*Task description*:
Each entry below should be written out exactly as it is, with no pictures.

[Stored records]
--------------------------------------------------

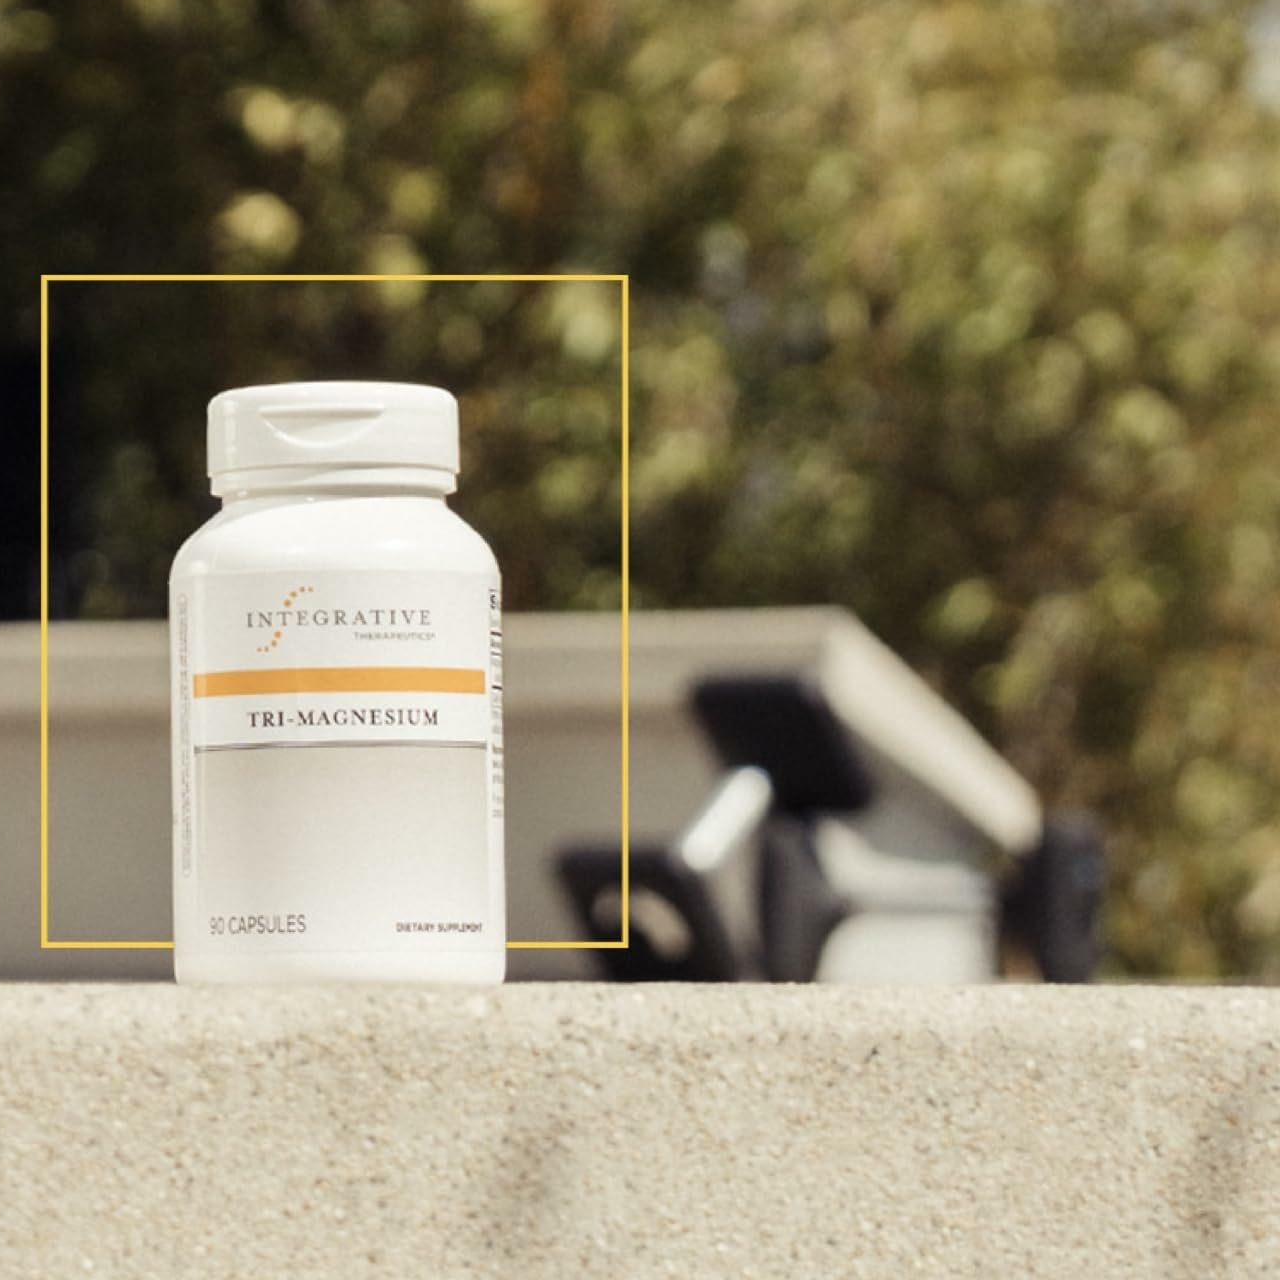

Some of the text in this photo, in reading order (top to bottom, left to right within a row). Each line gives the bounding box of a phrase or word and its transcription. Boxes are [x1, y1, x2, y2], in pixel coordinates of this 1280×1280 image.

[247, 609, 431, 628] INTEGRATIVE
[248, 709, 439, 728] TRI-MAGNESIUM
[209, 914, 306, 935] 90 CAPSULES
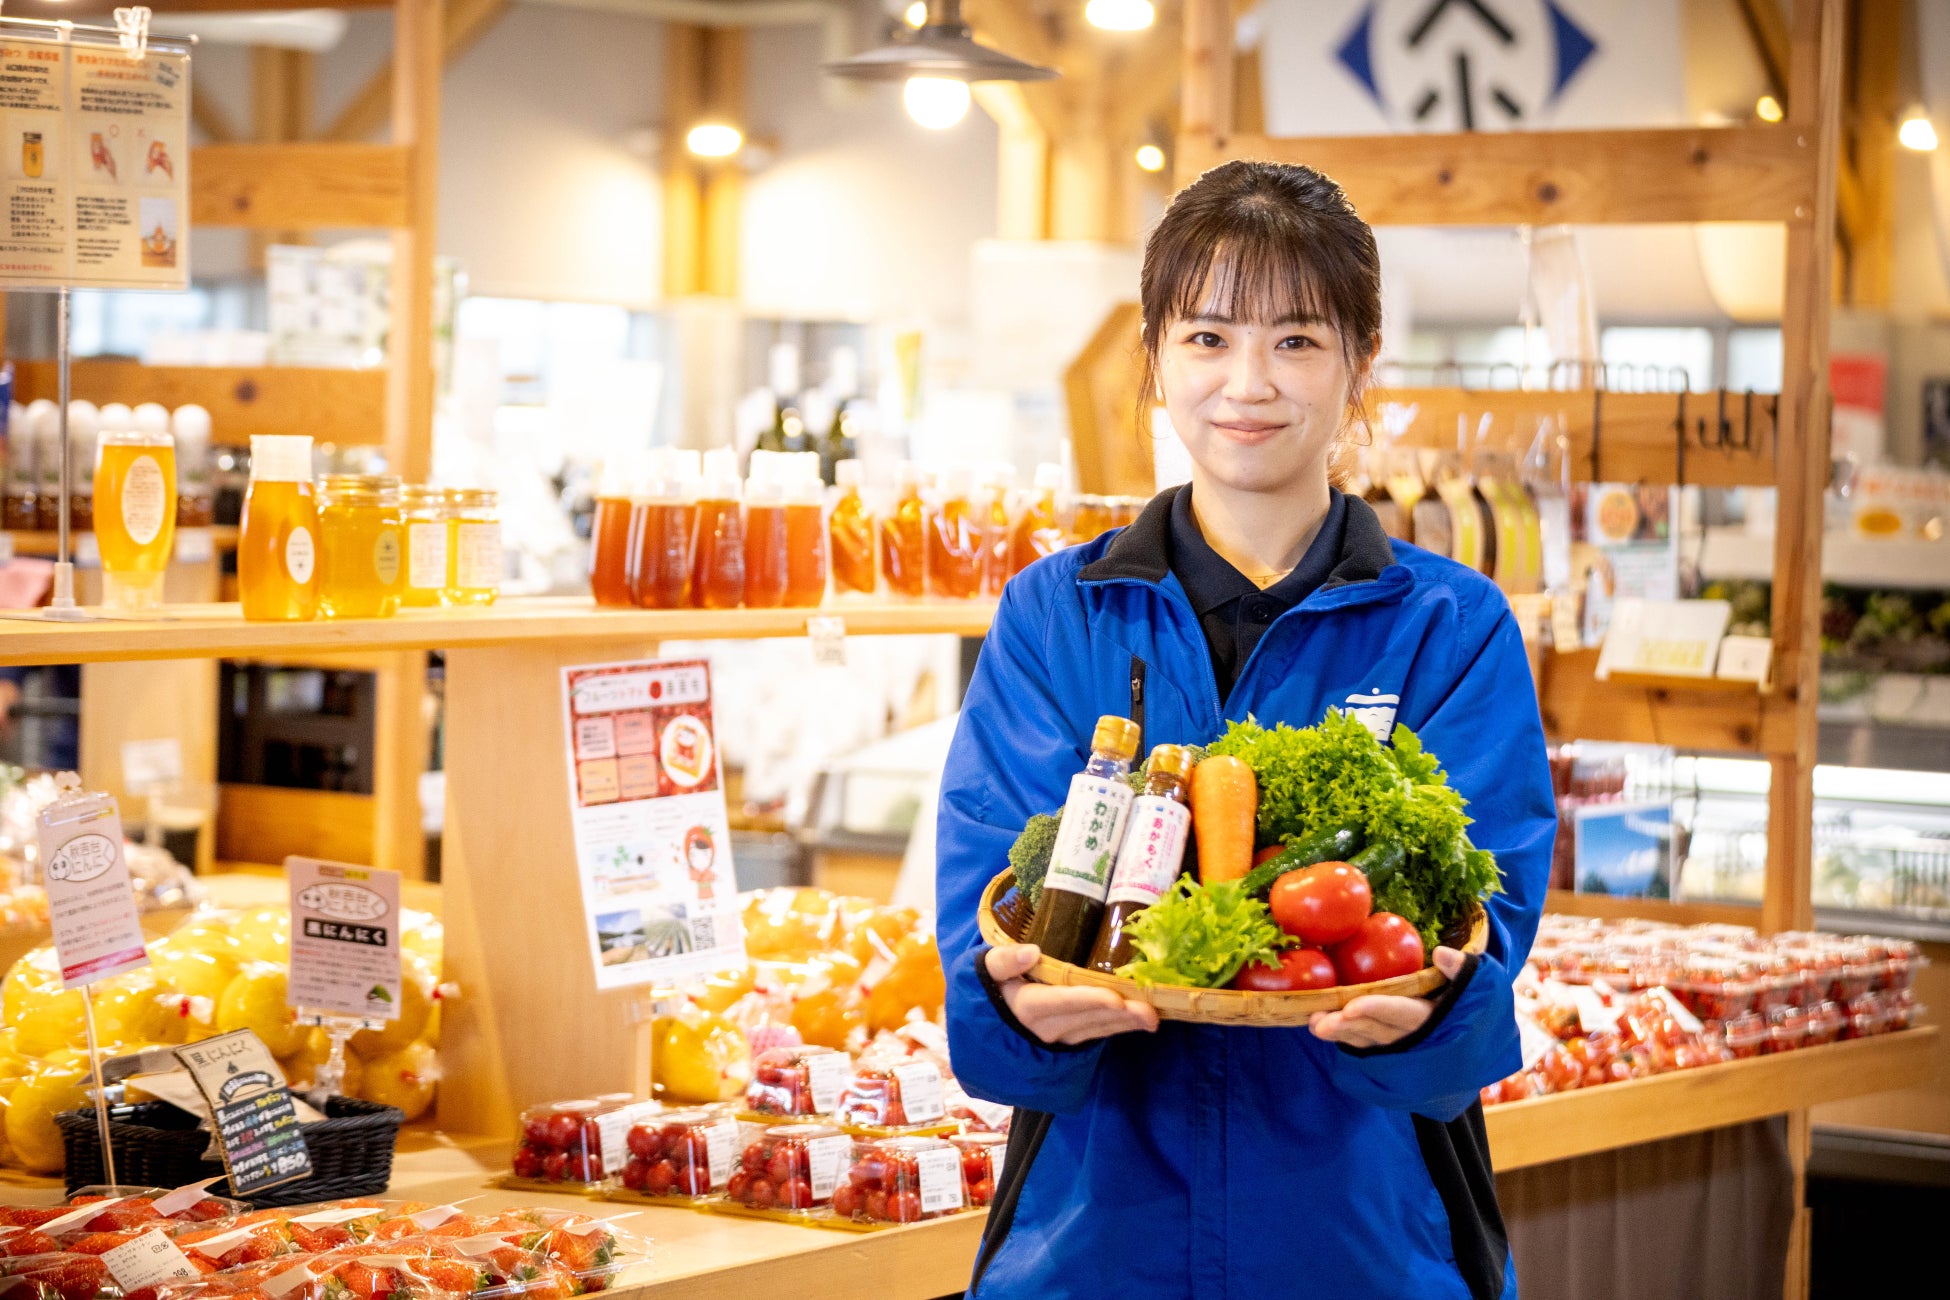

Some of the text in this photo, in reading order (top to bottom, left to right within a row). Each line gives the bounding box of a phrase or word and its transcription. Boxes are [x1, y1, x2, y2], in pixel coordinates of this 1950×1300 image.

--------------------------------------------------

*Expected output*:
Some of the text in this photo, in reading order (top to bottom, left to right within a row). Each line gives the bounding box of a phrase or word and its transcription. Boxes are [x1, y1, x2, y2], in pixel coordinates of this 1280×1280 image.

[247, 609, 431, 628] INTEGRATIVE
[248, 709, 439, 728] TRI-MAGNESIUM
[209, 914, 306, 935] 90 CAPSULES

Some of the text in this photo, in reading order (top to bottom, left to right within a row). Each line gives the bounding box of a phrase or word and its transcription. Boxes are [x1, y1, x2, y2], in pixel coordinates of this 1950×1300 image.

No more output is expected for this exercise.